The report said Iran has ceased uranium enrichment above five percent at the Pilot and Fordow fuel enrichment plants, referring to Natanz and Fordow enrichment plants, two of Iran’s main nuclear enrichment plants, Xinhua reported.
The suspension of uranium enrichment above five percent is considered to be a vital step towards easing of Western sanctions imposed on Iran, which is agreed to in the deal with the five permanent members of the UN Security Council — US, Britain, France, China, Russia — plus Germany.

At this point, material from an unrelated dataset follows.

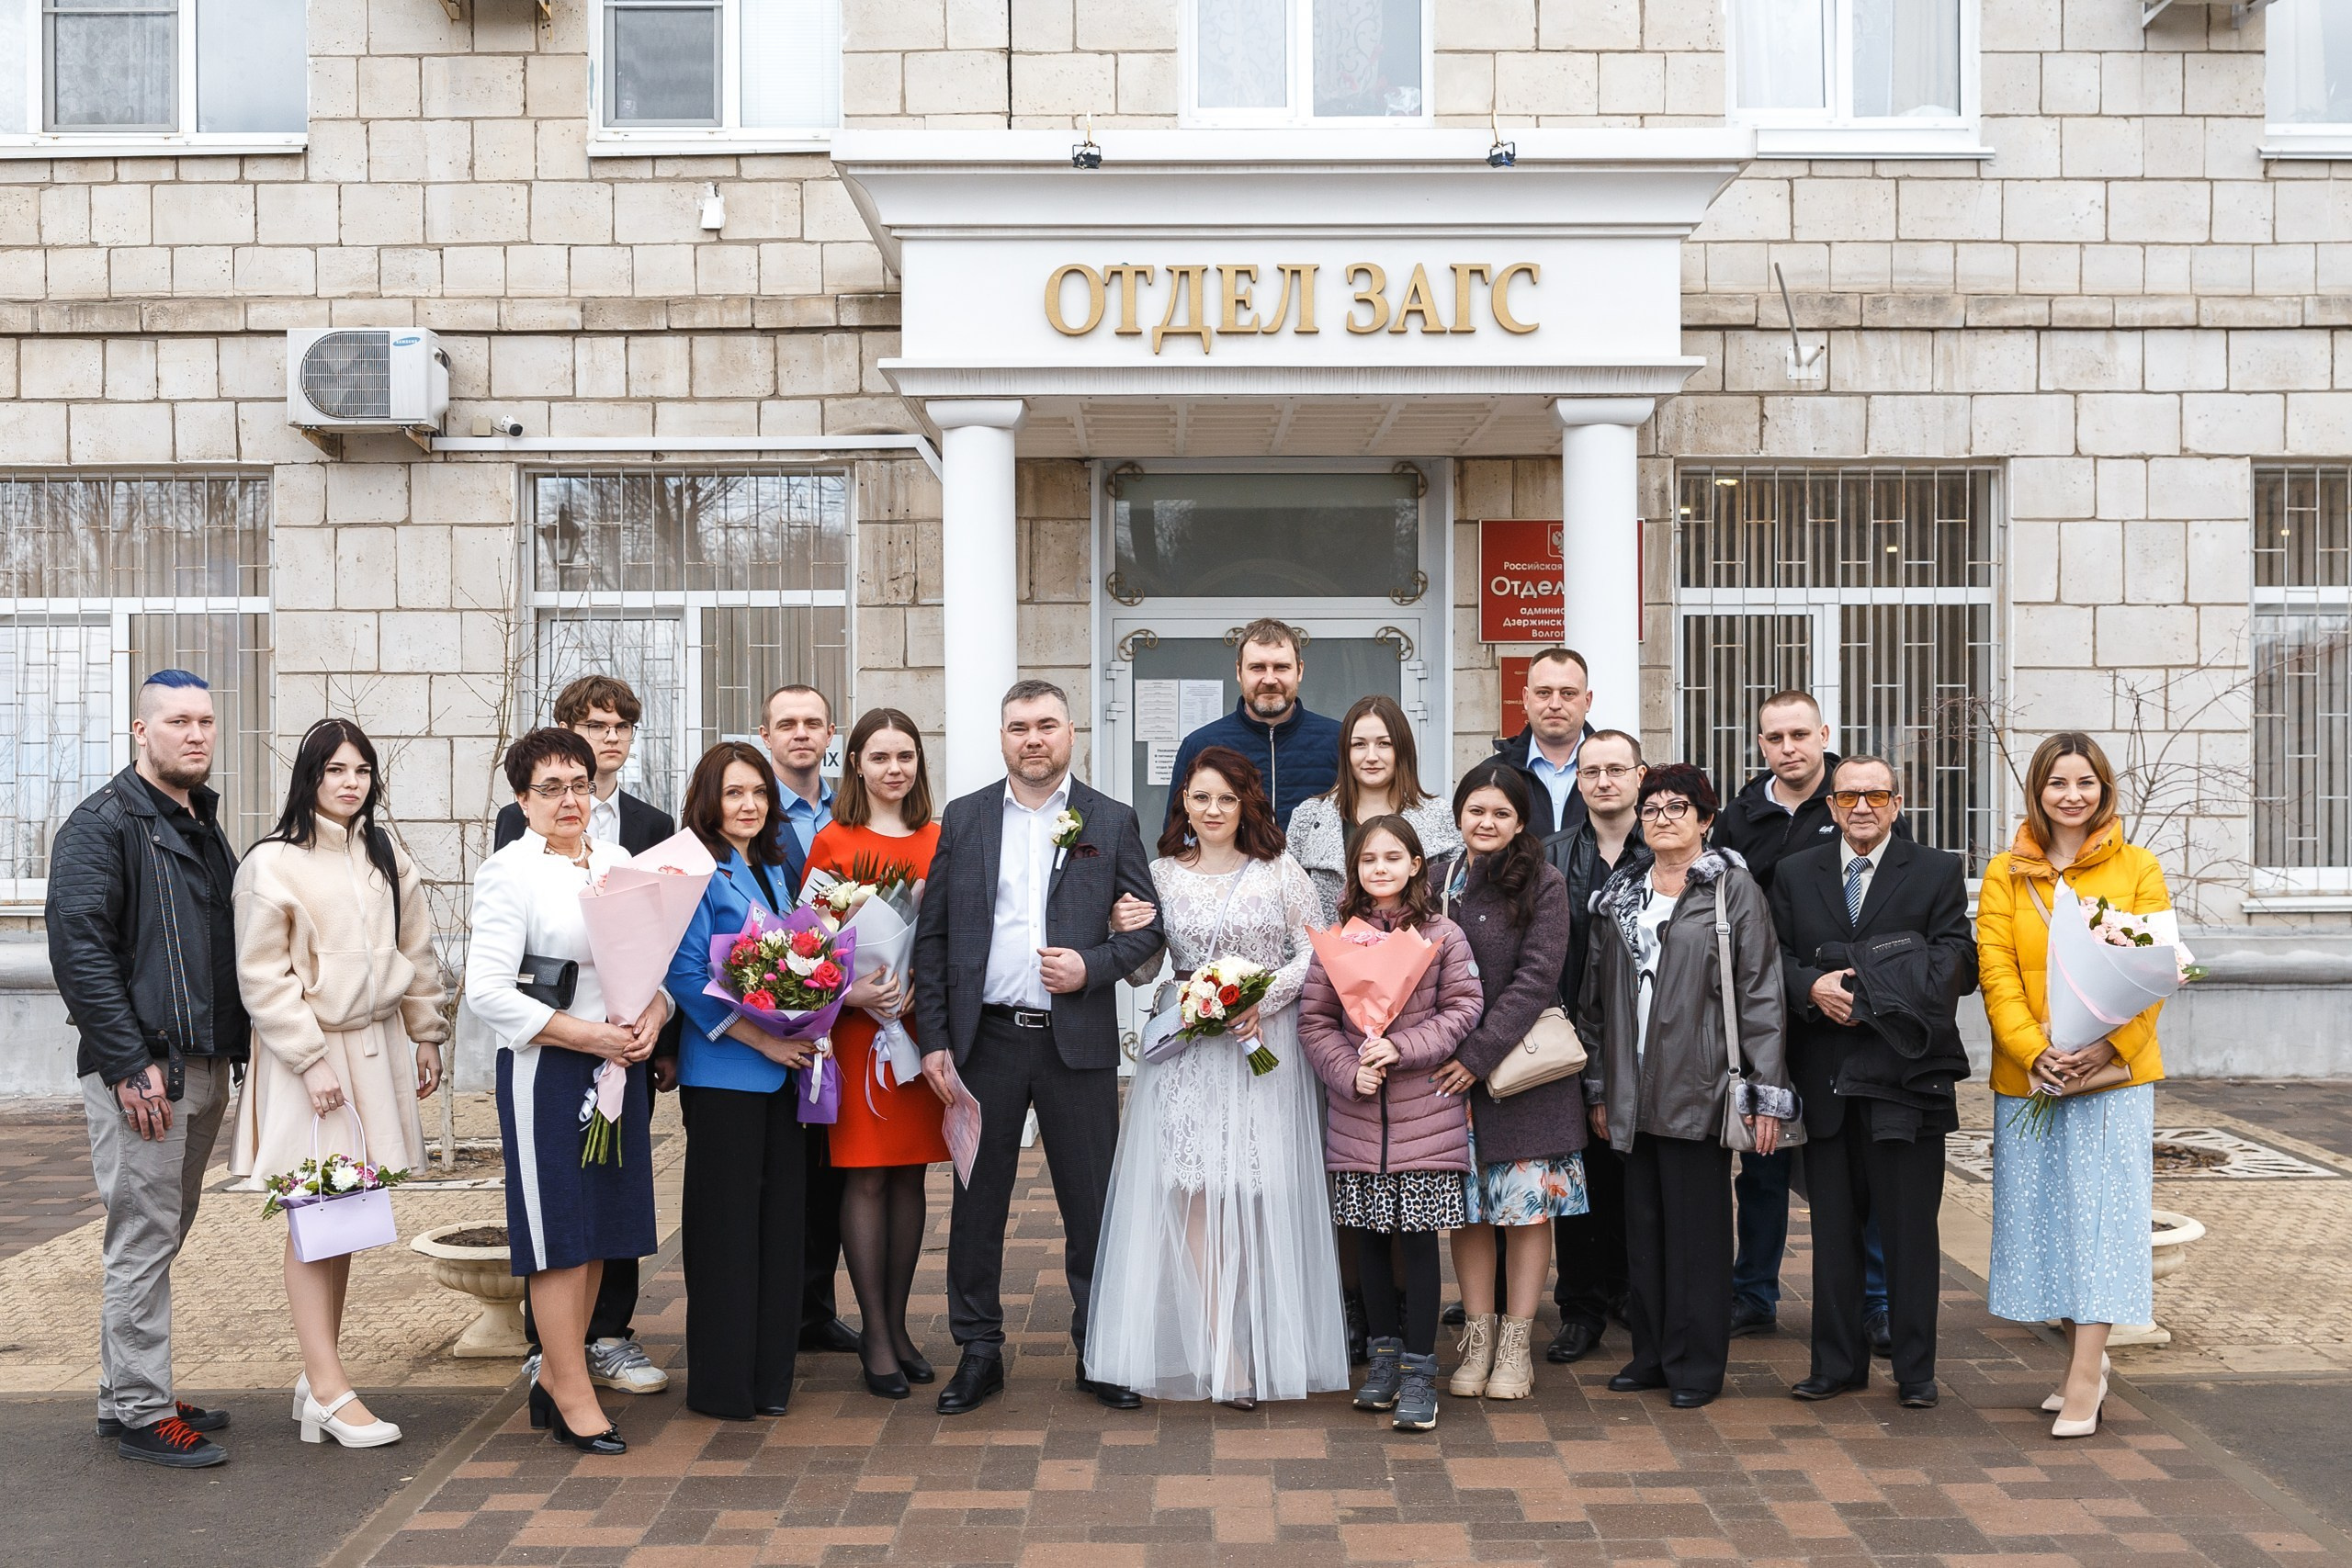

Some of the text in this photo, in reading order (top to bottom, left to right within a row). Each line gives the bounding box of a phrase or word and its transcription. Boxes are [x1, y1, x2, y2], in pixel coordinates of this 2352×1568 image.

[1044, 263, 1541, 355] ОТДЕЛ ЗАГС
[1503, 561, 1563, 570] Российская
[1490, 576, 1565, 599] Отдел

The IAEA also said Tehran has begun diluting the 20 percent enriched uranium stock pile, an action which makes uranium less suitable for making a nuclear bomb.
Experts said the over 240 kg 20 percent enriched uranium is necessary for making a nuclear bomb.
Iran also stopped manufacturing activities at Arak reactor, a heavy water reactor, which could produce plutonium, another kind of fuel for building nuclear weapons.
“Iran is not conducting any further advances to its activities at the Natanz Fuel Enrichment Plant, or the Arak reactor (IR-40), including the manufacture and testing of fuel for the IR-40,” the IAEA said in the report.
The IAEA would hold a board meeting Jan 24 to discuss about funds and other issues for future inspection in Iran.
Earlier, Ali Akbar Salehi, head of the Atomic Energy Organisation of Iran, said Iran would start voluntary suspension of its uranium enrichment programme based on the nuclear deal reached in Geneva Nov 24 with the five permanent UN Security Council members plus Germany.
The implementation of the content of the agreement has many stages and in the first stage, the inspectors of the IAEA arrived in Iran two days ago, Salehi said.
Salehi said the present phase of the implementation of the Geneva nuclear deal would last six months. He added that Iran would vigorously continue its nuclear activities including five percent enrichment.